» WHAT YOU ARE ASKED TO DO
Exactly repeat all the records below, omitting the images they hold.

» DATA FOR THE TASK

──────────

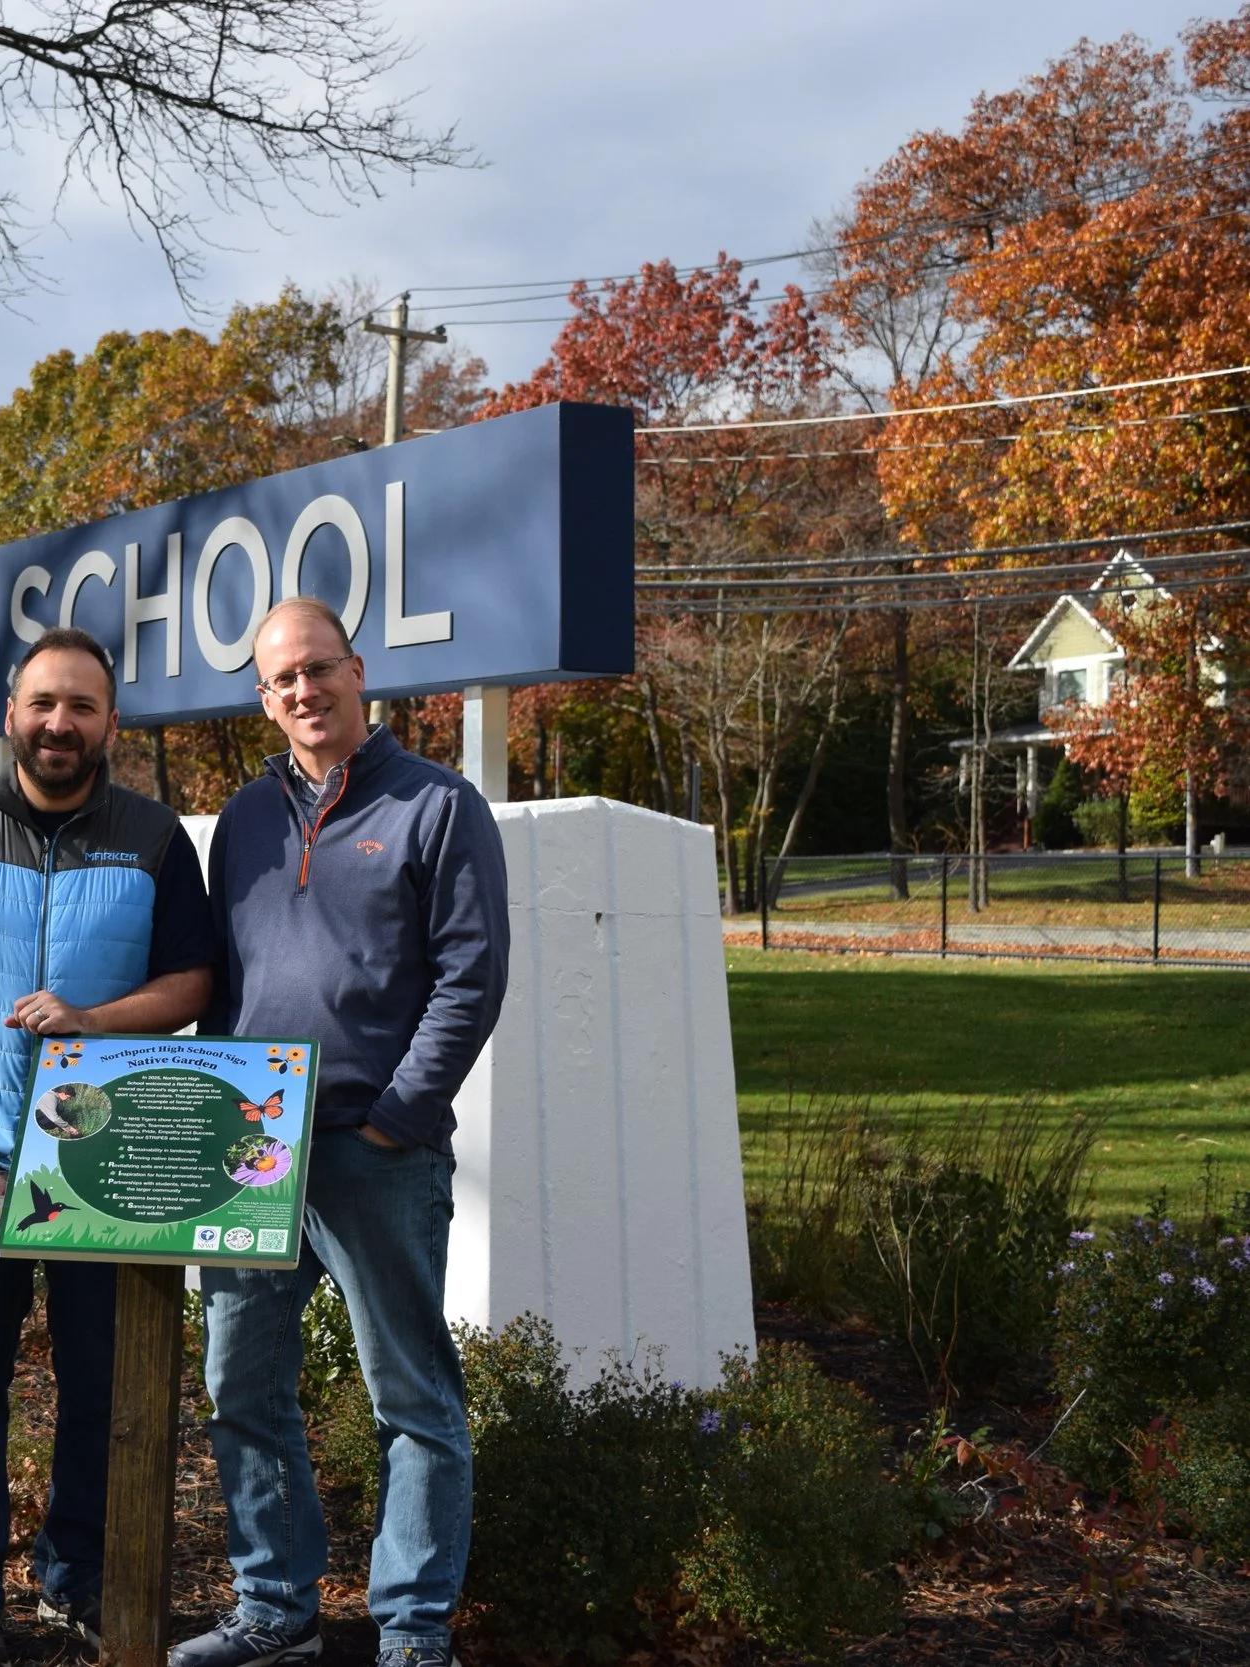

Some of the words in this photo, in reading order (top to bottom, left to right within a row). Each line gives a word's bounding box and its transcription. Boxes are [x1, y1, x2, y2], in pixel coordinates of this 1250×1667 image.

[7, 481, 453, 689] SCHOOL
[85, 852, 139, 862] MARKER
[100, 1046, 155, 1062] Northport
[158, 1045, 184, 1054] High
[187, 1046, 224, 1059] School
[224, 1053, 247, 1066] Sign
[128, 1056, 169, 1068] Native
[171, 1055, 218, 1071] Garden
[118, 1170, 146, 1178] Inspiration
[108, 1178, 142, 1186] Partnerships
[112, 1193, 145, 1201] Ecosystems
[127, 1202, 156, 1210] Sanctuary
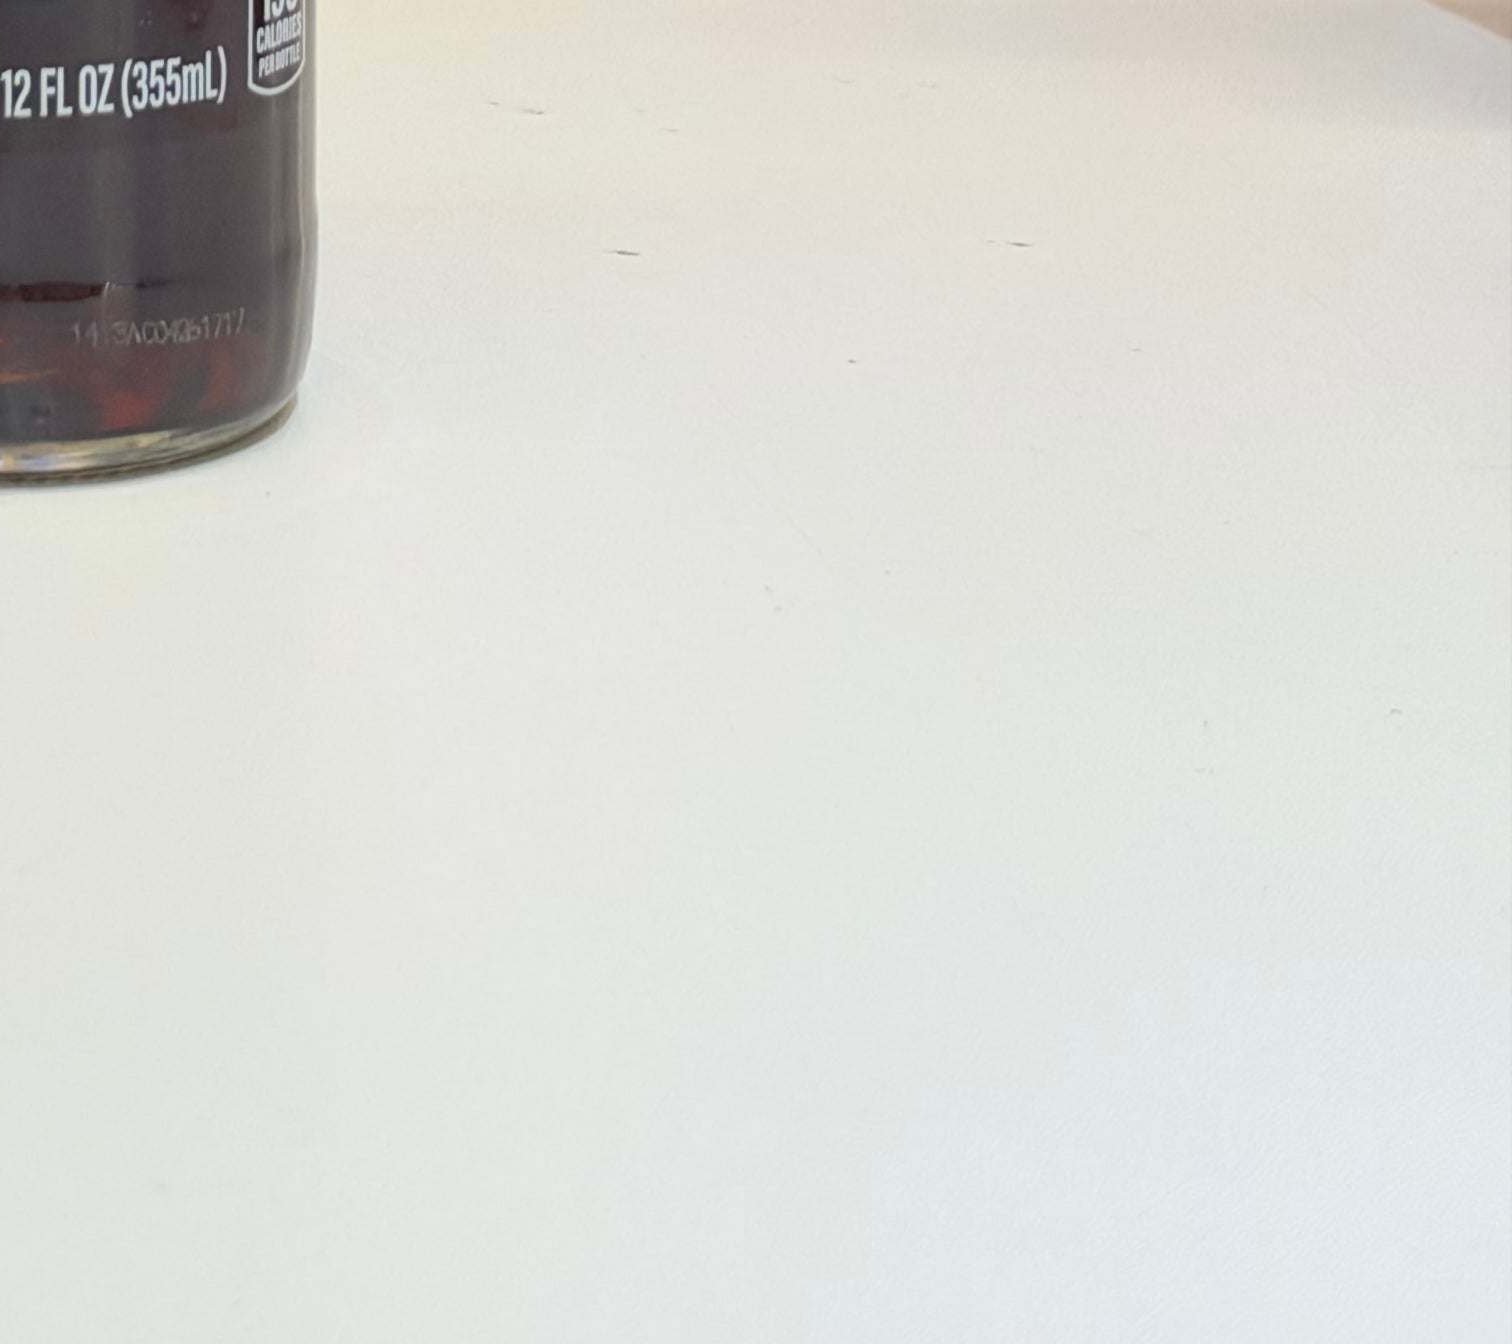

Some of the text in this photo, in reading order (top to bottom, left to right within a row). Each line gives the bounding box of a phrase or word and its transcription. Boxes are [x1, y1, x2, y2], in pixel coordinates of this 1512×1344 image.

[256, 10, 302, 54] CALORIES
[0, 45, 227, 119] 12 FL OZ (355mL)
[258, 41, 301, 79] PER BOTTLE
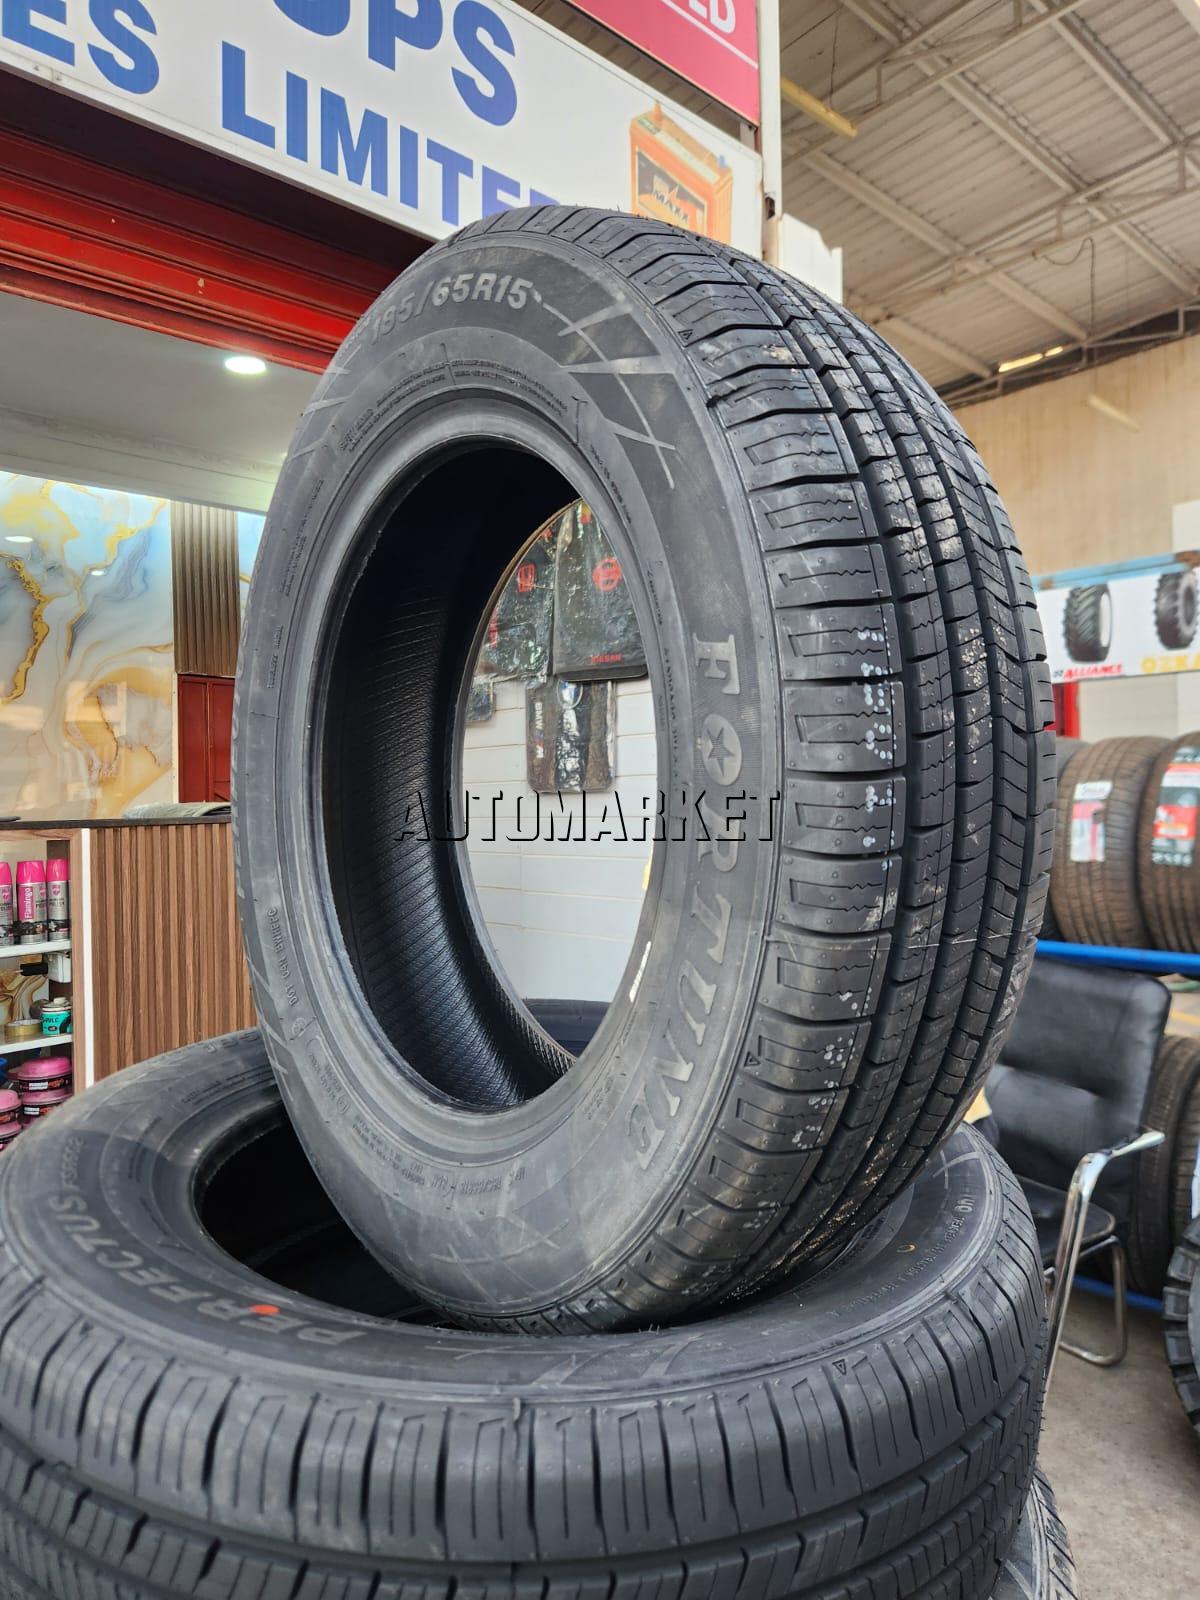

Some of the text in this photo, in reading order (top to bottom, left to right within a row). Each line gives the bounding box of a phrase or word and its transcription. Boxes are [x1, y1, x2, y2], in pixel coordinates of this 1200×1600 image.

──────────

» ANSWER SPACE
Some of the words in this photo, in reading order (top to bottom, left to right within a row). Each line gives a word's bounding box and its transcription. Boxes are [x1, y1, x2, y2], in pixel coordinates of this 1250×1667 image.

[7, 481, 453, 689] SCHOOL
[85, 852, 139, 862] MARKER
[100, 1046, 155, 1062] Northport
[158, 1045, 184, 1054] High
[187, 1046, 224, 1059] School
[224, 1053, 247, 1066] Sign
[128, 1056, 169, 1068] Native
[171, 1055, 218, 1071] Garden
[118, 1170, 146, 1178] Inspiration
[108, 1178, 142, 1186] Partnerships
[112, 1193, 145, 1201] Ecosystems
[127, 1202, 156, 1210] Sanctuary

Some of the text in this photo, in reading order (top to bottom, left to right within a row). Each line gives the bounding box of a phrase or word and its transcription. Boxes are [x1, y1, x2, y2], in pixel coordinates of this 1512×1344 image.

[256, 10, 302, 54] CALORIES
[0, 45, 227, 119] 12 FL OZ (355mL)
[258, 41, 301, 79] PER BOTTLE

Some of the text in this photo, in reading order (top to bottom, left to right within a row). Each line gives the bounding box of a phrase or word and its transcription. Boxes are [x1, y1, x2, y2], in pixel coordinates of this 1200×1600 image.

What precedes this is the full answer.